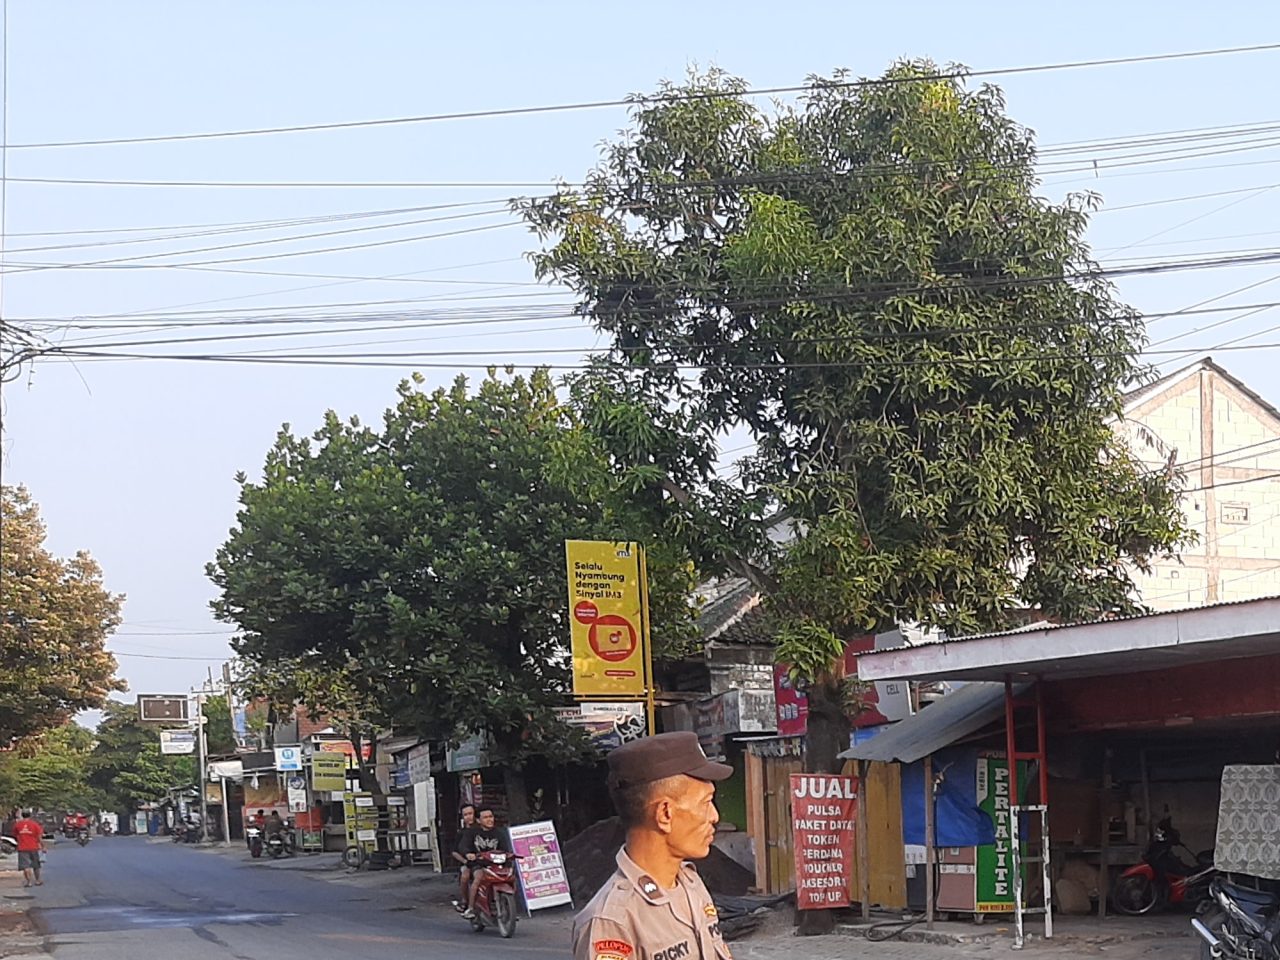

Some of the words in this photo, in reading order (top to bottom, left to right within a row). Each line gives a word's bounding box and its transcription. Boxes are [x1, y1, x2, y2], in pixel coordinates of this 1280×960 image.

[575, 561, 603, 571] Selalu
[575, 571, 625, 582] Nyambung
[575, 581, 611, 591] dengan
[576, 590, 604, 600] Sinyal
[794, 777, 857, 799] JUAL
[807, 804, 842, 815] PULSA
[994, 767, 1010, 896] PERTALITE
[807, 834, 840, 845] TOKEN
[808, 893, 825, 903] TOP
[827, 891, 842, 902] UP
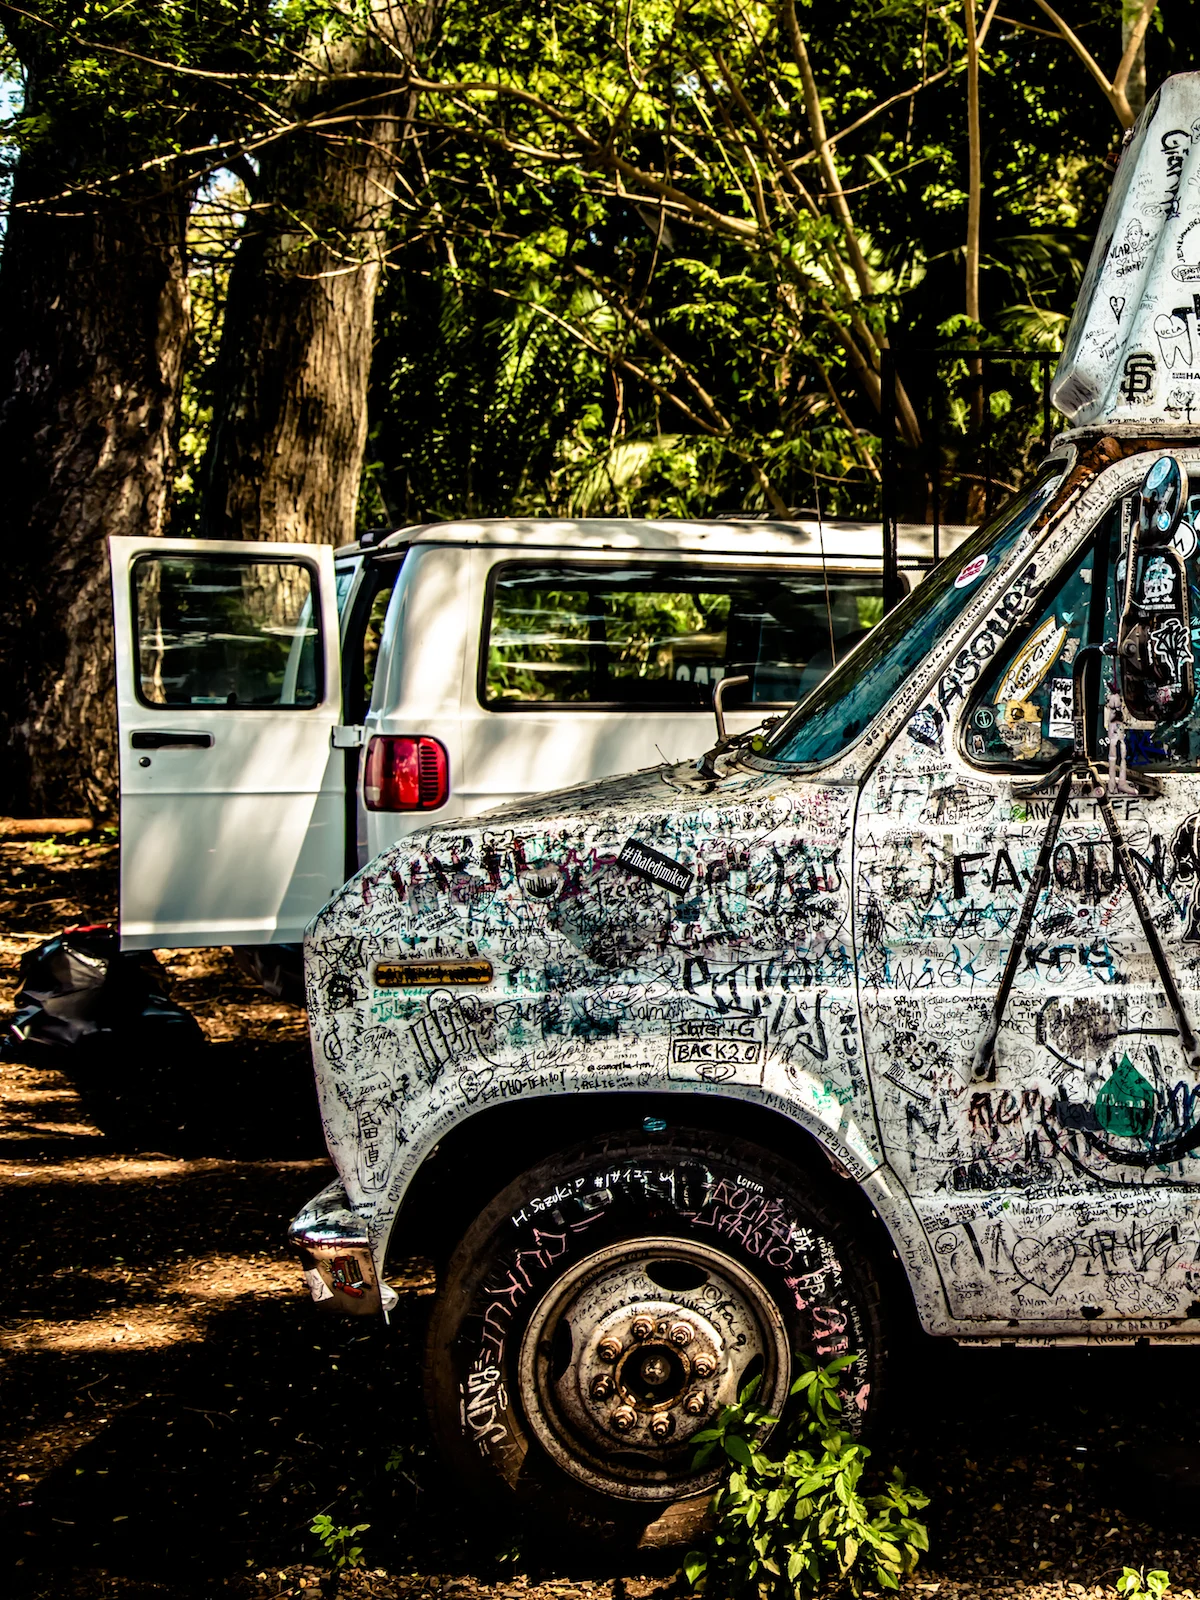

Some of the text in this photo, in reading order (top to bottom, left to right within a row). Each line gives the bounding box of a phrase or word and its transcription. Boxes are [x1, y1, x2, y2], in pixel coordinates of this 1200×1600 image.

[1160, 327, 1183, 336] UCLA
[918, 763, 952, 774] Madeline
[621, 845, 690, 892] #ihatedjmiked

■ ■ ■ ■

* [Exercise description]
What you return should match the material word for word, apart from the pictures.

* [Answer to this problem]
Some of the words in this photo, in reading order (top to bottom, left to right within a row). Each line gives a word's bounding box and its transcription. Boxes are [x1, y1, x2, y2], in pixel coordinates of this 1280×960 image.

[575, 561, 603, 571] Selalu
[575, 571, 625, 582] Nyambung
[575, 581, 611, 591] dengan
[576, 590, 604, 600] Sinyal
[794, 777, 857, 799] JUAL
[807, 804, 842, 815] PULSA
[994, 767, 1010, 896] PERTALITE
[807, 834, 840, 845] TOKEN
[808, 893, 825, 903] TOP
[827, 891, 842, 902] UP

Some of the text in this photo, in reading order (top to bottom, left to right within a row). Each line gives the bounding box of a phrase or word and its transcription. Boxes are [x1, y1, x2, y2], in pixel coordinates of this 1200×1600 image.

[1160, 327, 1183, 336] UCLA
[918, 763, 952, 774] Madeline
[621, 845, 690, 892] #ihatedjmiked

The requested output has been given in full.